===== Information given =====
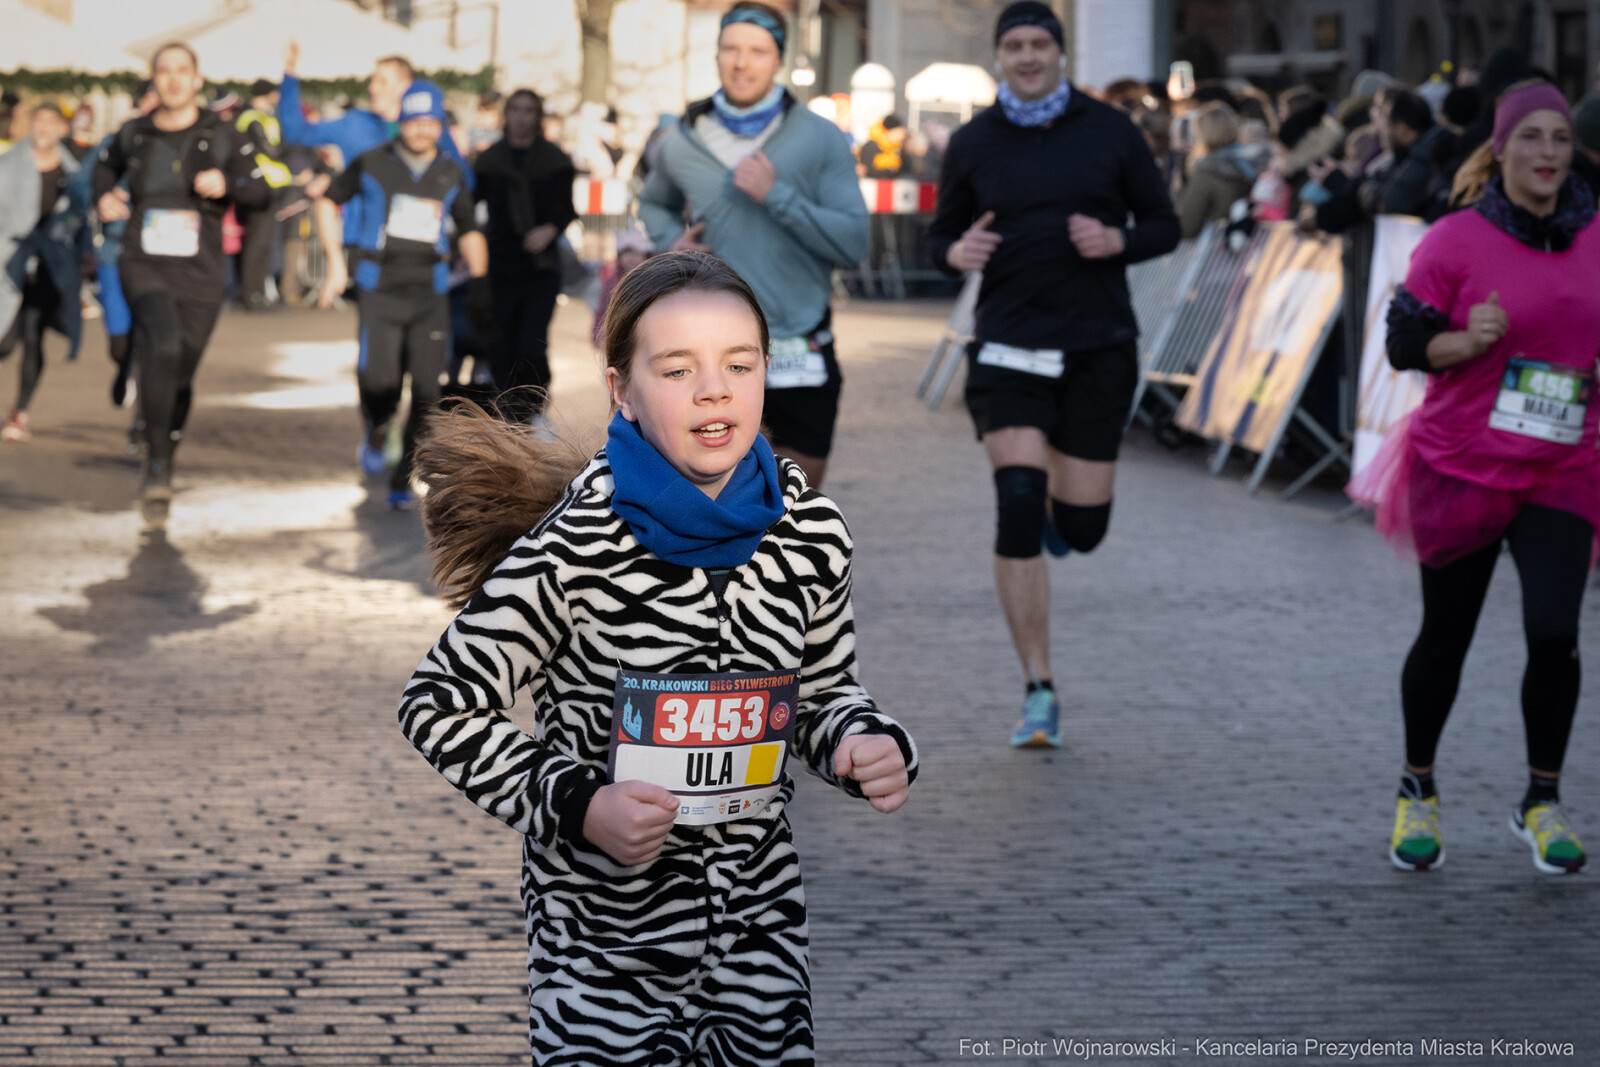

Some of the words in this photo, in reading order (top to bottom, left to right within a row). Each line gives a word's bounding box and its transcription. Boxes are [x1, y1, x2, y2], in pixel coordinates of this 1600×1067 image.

[1529, 371, 1575, 402] 456
[623, 677, 641, 690] 20.
[641, 679, 709, 692] KRAKOWSKI
[709, 680, 733, 692] BIEG
[734, 673, 795, 691] SYLWESTROWY
[659, 695, 765, 742] 3453
[685, 751, 733, 787] ULA
=====
[Exercise]
If an entry holds a picture, leave that picture out, and transcribe the rest of the listing above exactly.

[Exercise result]
Some of the words in this photo, in reading order (top to bottom, left to right within a row). Each line gives a word's bounding box and its transcription. Boxes are [x1, y1, x2, y2], in pixel coordinates of this 1600×1067 image.

[1529, 371, 1575, 402] 456
[623, 677, 641, 690] 20.
[641, 679, 709, 692] KRAKOWSKI
[709, 680, 733, 692] BIEG
[734, 673, 795, 691] SYLWESTROWY
[659, 695, 765, 742] 3453
[685, 751, 733, 787] ULA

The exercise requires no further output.